Ce n’est pas étonnant que ce mot juridique soit au rendez-vous puisque c’est le rapport à la loi symbolique, celle de l’Autre barré, qui est ici bafoué par le discours sociétal. Ce que je veux mettre d’abord en évidence c’est que le chirurgien n’a pas sa place dans ce dispositif. En répondant à la demande, il devient l’incarnation des organisations intramoïques puisque ce que donnent à voir ces demandes c’est l’aliénation du Moi et la puissance de l’Imaginaire, ainsi que l’impuissance du Symbolique à faire le poids face à une telle domination du Moi devenu fort. Le Moi fort et aliéné est davantage gonflé par les influences du discours sociétal et idéologique.

 

Le Moi veut réassigner son anatomie. Mais cela est de l’ordre de l’impossible. La psychanalyse, en tant que clinique, vise à faire en sorte que l’être puisse construire son rapport avec son corps de la meilleure manière possible, ou au moins de la manière la moins pire.

 

Pays structurellement marchand, les États-Unis – fondés par des immigrés mais ayant toujours cet esprit de colonie qui a réussi, a cette manière de traiter les personnes qui y habitent, sans oublier cette volonté d’aimer son prochain jusqu’à vouloir son bien, ainsi que le bien du reste du monde – sont guidés par un Moi fort qui est, en fin de compte, cerbère des organisations intramoïques, à savoir l’Autre non barré et la résistance du Surmoi. Dans cette logique, il est logiquement envisageable de changer de sexe, d’imposer une politique, de modifier les mœurs alimentaires de la population mondiale.

 

Si « depuis 2007, l’Amérique est passée de deux cliniques de genre à bien plus de 50 », si « entre 2016 et 2017, le nombre de chirurgies de genre sur des personnes nées femmes a quadruplé aux États-Unis. », cela va dans cette manière penser du Moi, à savoir dominer l’autre, mon semblable. Pas forcément parce qu’il, le Moi, le veut, mais parce qu’il est commandité par les organisations intramoïques. Est-ce une caractéristique nord-américaine ?

 

Non, c’est un trait structurel du Moi de l’être parlant.

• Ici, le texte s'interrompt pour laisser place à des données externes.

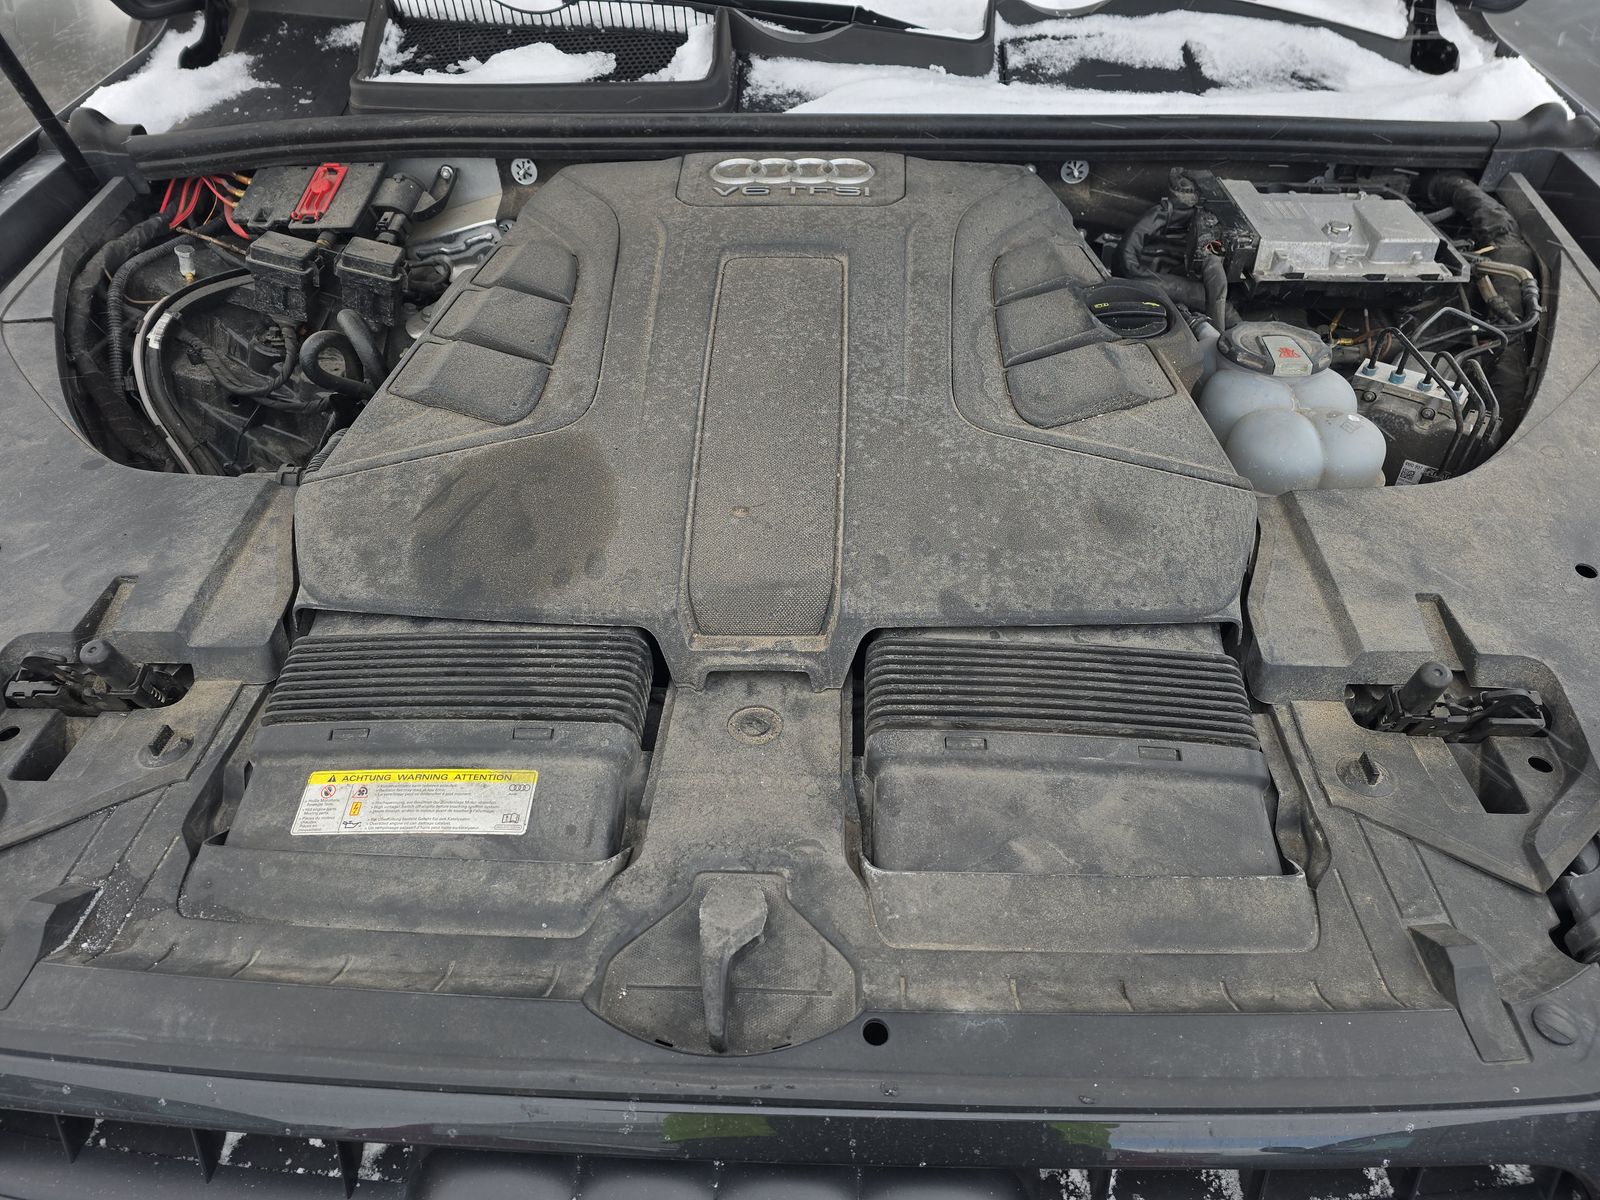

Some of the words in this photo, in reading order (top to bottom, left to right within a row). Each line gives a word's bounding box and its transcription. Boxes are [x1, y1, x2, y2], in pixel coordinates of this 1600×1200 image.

[712, 186, 770, 197] V6
[781, 186, 870, 197] TFSI
[341, 774, 391, 782] ACHTUNG
[397, 773, 448, 781] WARNING
[453, 773, 512, 781] ATTENTION

La dysphorie de genre ne doit pas être un argument pour le passage à l’acte suicidaire ou chirurgical. Elle est l’expression de la détresse propre à l’être qui devrait être écouté par des psychanalystes car, de toute évidence, ils sont les seuls à être réceptifs à entendre et à savoir comment opérer.

 

Mais la castration du Moi du discours sociétal n’est pas à l’ordre de jour dans l’organisation mondiale. Pour quelle raison articuler l’histoire d’un pays, la souffrance de jeunes adolescentes et le discours sociétal régi par le Moi et soumis aux organisations intramoïques ?

 

Parce que cela fait partie d’une toile qui ne devrait pas être négligée par nos dirigeants.